Certainly, in this century and at this point in fashion, sending a model out in a cut-out black wool bra and black legging pants baring her chest for a winter collection is so far from even an image that can cause incitation fashion hype on or off lines. These few outfits, including a black sweater worn pulled up to reveal a sheer lace bodysuit, don’t seem to make sense, along with the rest of the lineup. Ideas can provoke, not this kind of display.
What are the ideas that propel these new fall clothes in this co-ed show? How are the ideas then translated into the physical clothes? What are the signs of an emerging signature style?
These questions may need to wait for future seasons. The focus here is perhaps too much on the actual products and less so on the overriding aesthetics that can bind everything together from purses to sneakers, eyewear, and pantsuits.
It is hard to imagine how this Givenchy collection can grow and nurture the French brand in the near term. But for next fall, there is plenty of merchandise to choose from and a lot of jewelry like giant necklaces. But, there isn’t a prevailing idea, an arc here beyond the notion of practical luxury that can resonate in any way, and indeed not with young people.
Less than a week before this fall show, Givenchy signed on other ambassadors such as Fan Chengcheng and Ouyang Nana, hoping to garner more fandom in the global arena.
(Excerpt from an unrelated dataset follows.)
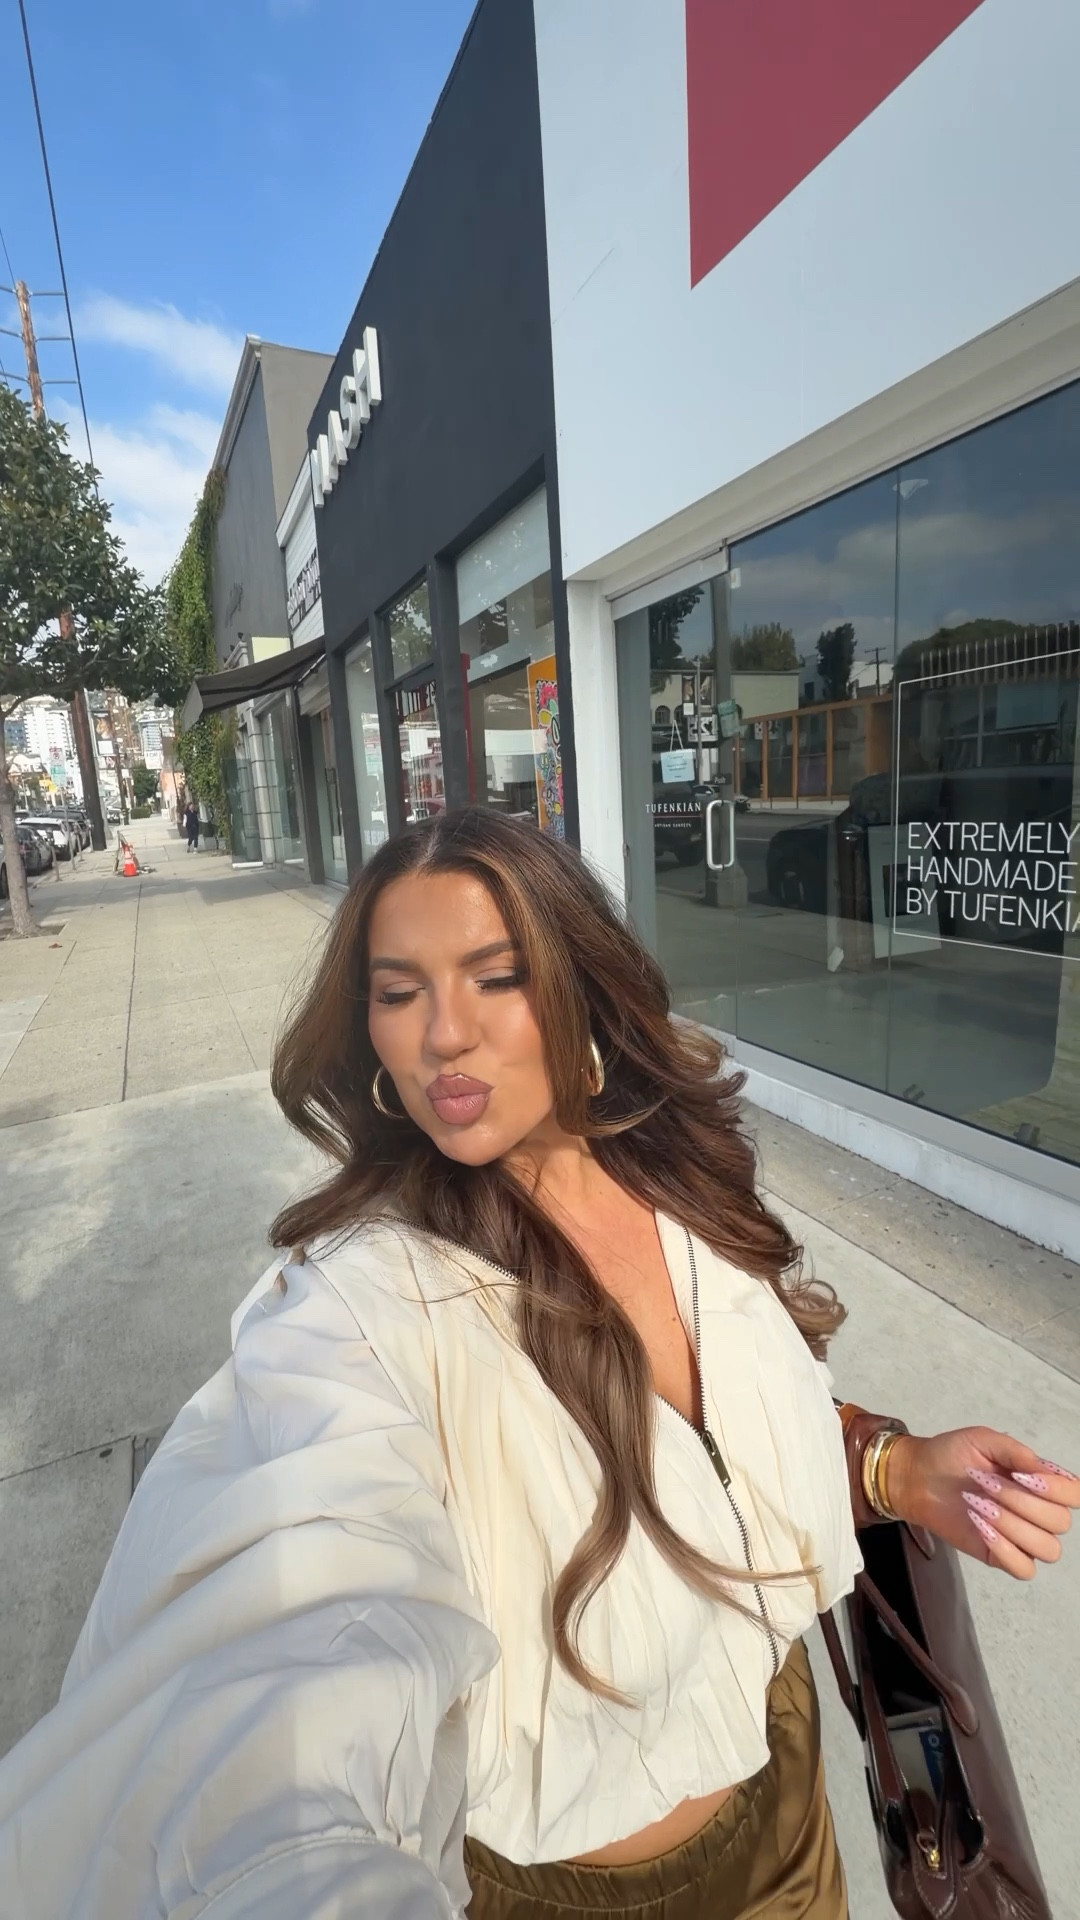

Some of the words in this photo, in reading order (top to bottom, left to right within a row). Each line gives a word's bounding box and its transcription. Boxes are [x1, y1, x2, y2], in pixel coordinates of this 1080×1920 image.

But ambassadors are carriers and transmitters of messages.
Shortly after the first collection for Spring 2021, Williams and Givenchy embarked on a massive digital campaign to establish #givenchyfamily comprising of celebrities and influencers across the globe, each individually photographed in a specific look from the collection. Kendall Jenner wore outfit 54, Julianne Moore in look 47, Playboi Carti in look 27, Kenshi Yonezu in look 11, and even somehow Victor Cruz in look 28, and so forth.
Massive in its scale, but it wasn’t an Internet breaker by any means. That has to say something about the difference with making real connections.
It is Williams’ task to establish a singular and clear sense of the Givenchy identity to inspire the youth out there to believe in the brand. First and foremost is to instill in the imagination of this young public his precise idea of Givenchy, not just a heritage of craft in the service of more products, more parkas, more jewelry, more sneakers, more sunglasses, and more cocoons platforms boots.